Pianoterra

comaPubblicato su Il Giornale del 24 aprile 2005

Le persone in stato vegetativo non sono affatto “piante” ma persone che percepiscono dolore e sensazioni

di Stefano Lorenzetto

Di malate come Terri Schiavo il dottor Giovanni Battista Guizzetti ne assiste 14 e mai nessuno, men che meno i mariti o altri parenti, gli ha chiesto di ammazzarle. Le 14 Terri Schiavo del dottor Guizzetti giacciono inerti in camere da due letti al Centro Don Orione di Bergamo. Hanno gli occhi spalancati su punti indefiniti del vuoto. Quando entri, muovono la testa in varie direzioni, anche verso il visitatore inatteso: difficile capire perché. «Riflessi involontari», ha deciso la scienza. Due si chiamano Antonella e occupano la medesima stanza. Sono mamme. Alle pareti le infermiere hanno attaccato con lo scotch le foto dei loro bambini, una femminuccia e un maschietto che dai poster sorridono a un mistero doloroso troppo grande per loro. Non avevo mai visto figli di quell’età che vegliano i genitori.
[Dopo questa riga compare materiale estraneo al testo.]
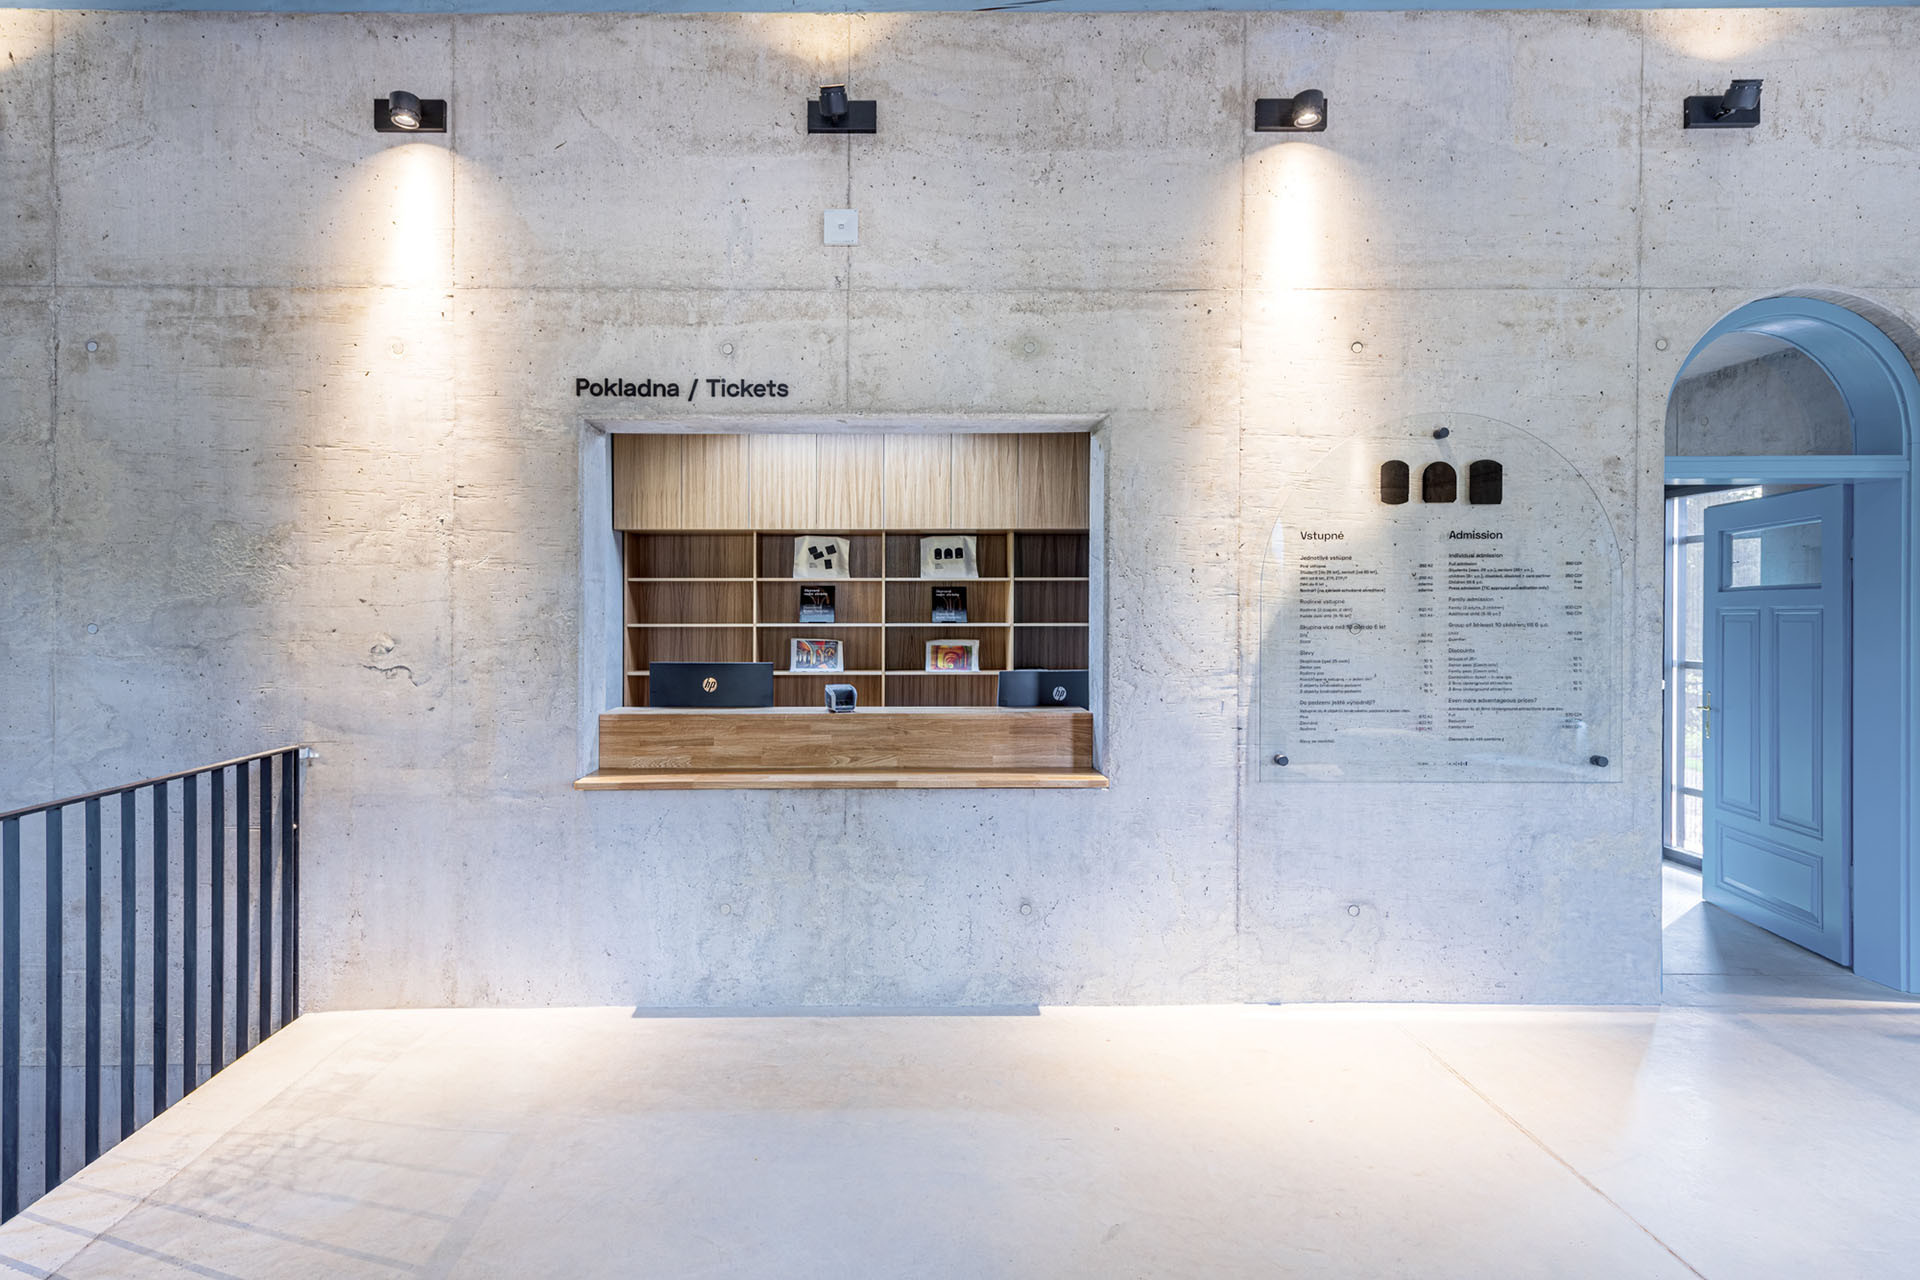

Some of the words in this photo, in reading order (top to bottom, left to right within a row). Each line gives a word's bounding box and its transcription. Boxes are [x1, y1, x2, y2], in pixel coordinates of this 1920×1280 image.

Le due Antonelle hanno entrambe 44 anni, due più di Theresa Marie Schindler Schiavo detta Terri, nata il 3 dicembre 1963, morta di fame e di sete il 31 marzo 2005, per desiderio del marito e per ordine di un giudice, nell’Hospice Woodside di Pinellas Park, Florida, Stati Uniti d’America, dopo un’agonia durata 14 giorni.

L’Antonella madre della bambina è una pittrice di Milano. Proprio come Terri, ha avuto un arresto cardiaco con anossia. Significa che l’ossigeno non arriva al cervello. Le cellule muoiono. I danni irreversibili dipendono dalla durata dell’anossia: agli adulti sono fatali 3-5 minuti, i bambini resistono di più, anche fino a 8, forse perché hanno ancora la vita davanti a loro. La madre di Antonella chiama sua figlia Toni, un maschile che sembrava attagliarsi solo a Bisaglia. «La mia Toni», dice.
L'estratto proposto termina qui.